As someone who visits numerous lessons in a range of schools I frequently see reference to meeting one of the examination specification’s assessment objectives as the aim of the lesson. In spite of the cancellation of performance tables and inspection this year this practice remains very evident in many examples of virtual lessons and work set during lockdown. If that practice happens to coincide with mastery of the subject matter that is an added bonus. The sad reality is that in many cases the examination paper is the learning objective rather than the intrinsic content of the subject matter itself. In no subject is this more evident than in the reformed English GCSE.
If there is one lesson from lockdown that will improve the life chances of our young people if will be to restore the rightful position of professional teacher assessment. Reintroducing some form of controlled assessment to GCSE as some have proposed may be a step on the way but will be a red herring if we cannot move to a situation where summative assessment actually provides a clear picture of what students, know, can do and understand.

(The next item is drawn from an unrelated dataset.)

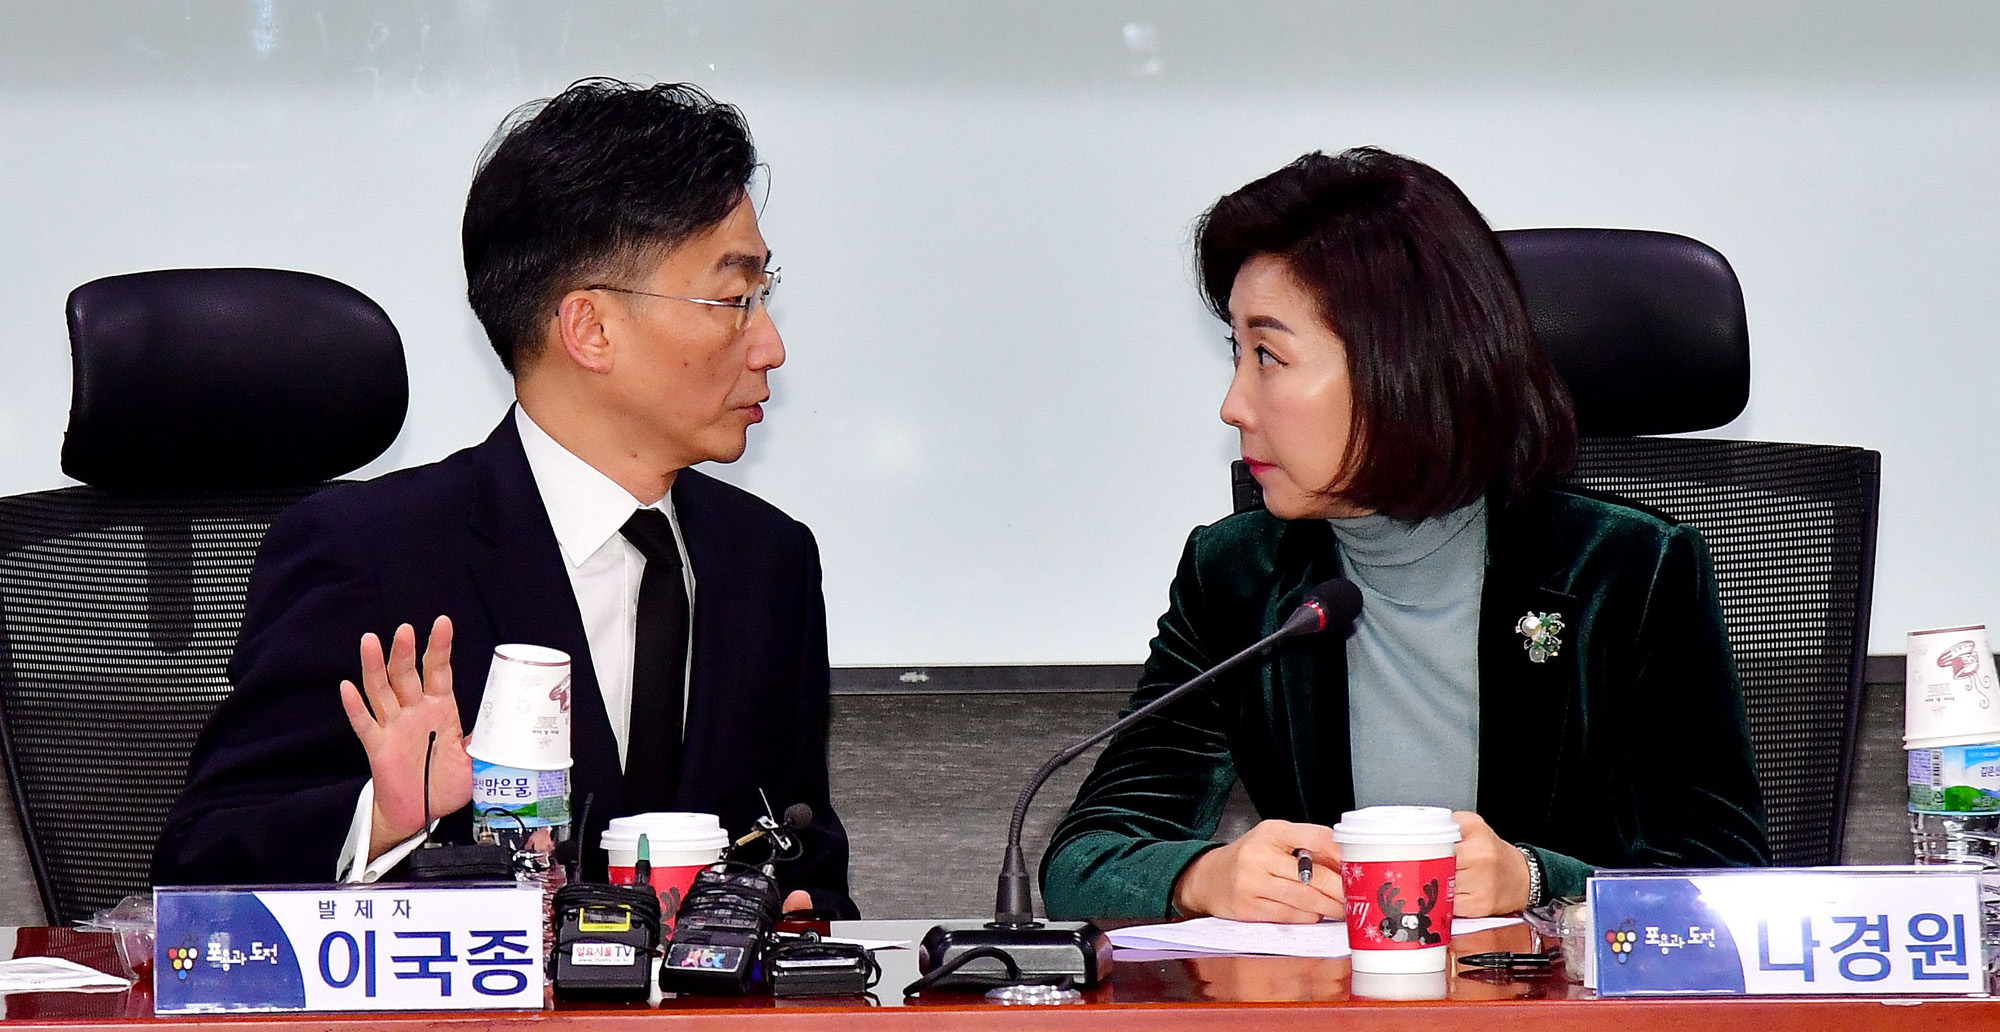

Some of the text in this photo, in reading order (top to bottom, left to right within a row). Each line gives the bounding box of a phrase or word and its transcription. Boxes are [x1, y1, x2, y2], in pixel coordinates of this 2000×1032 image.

That kind of information would be very different from an examination grade, much more useful for prospective employers and admissions tutors and therefore a far better preparation for adult life.
In view of the extent to which teaching has been dominated by an exam-based system based entirely on external assessment the scale of the cultural shift cannot be underestimated. In order to move to a position in which teachers are trusted and empowered to make such professional judgements that culture change will need to embrace parents, the pupils, government and the media as well as the teachers and school leaders themselves. In addition to significant training needs there will be significant ethical responsibilities to which the entire education profession will have to commit.
Other jurisdictions do this. Why can’t we?